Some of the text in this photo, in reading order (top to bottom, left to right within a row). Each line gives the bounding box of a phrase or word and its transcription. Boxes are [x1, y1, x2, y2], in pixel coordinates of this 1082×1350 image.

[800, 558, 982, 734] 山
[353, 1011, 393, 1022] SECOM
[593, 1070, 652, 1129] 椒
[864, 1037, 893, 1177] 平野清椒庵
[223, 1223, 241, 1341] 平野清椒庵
────────────────────────────────────────
Task requirements:
All the lines above need to be printed again, exactly.

Answer box:
Some of the text in this photo, in reading order (top to bottom, left to right within a row). Each line gives the bounding box of a phrase or word and its transcription. Boxes are [x1, y1, x2, y2], in pixel coordinates of this 1082×1350 image.

[800, 558, 982, 734] 山
[353, 1011, 393, 1022] SECOM
[593, 1070, 652, 1129] 椒
[864, 1037, 893, 1177] 平野清椒庵
[223, 1223, 241, 1341] 平野清椒庵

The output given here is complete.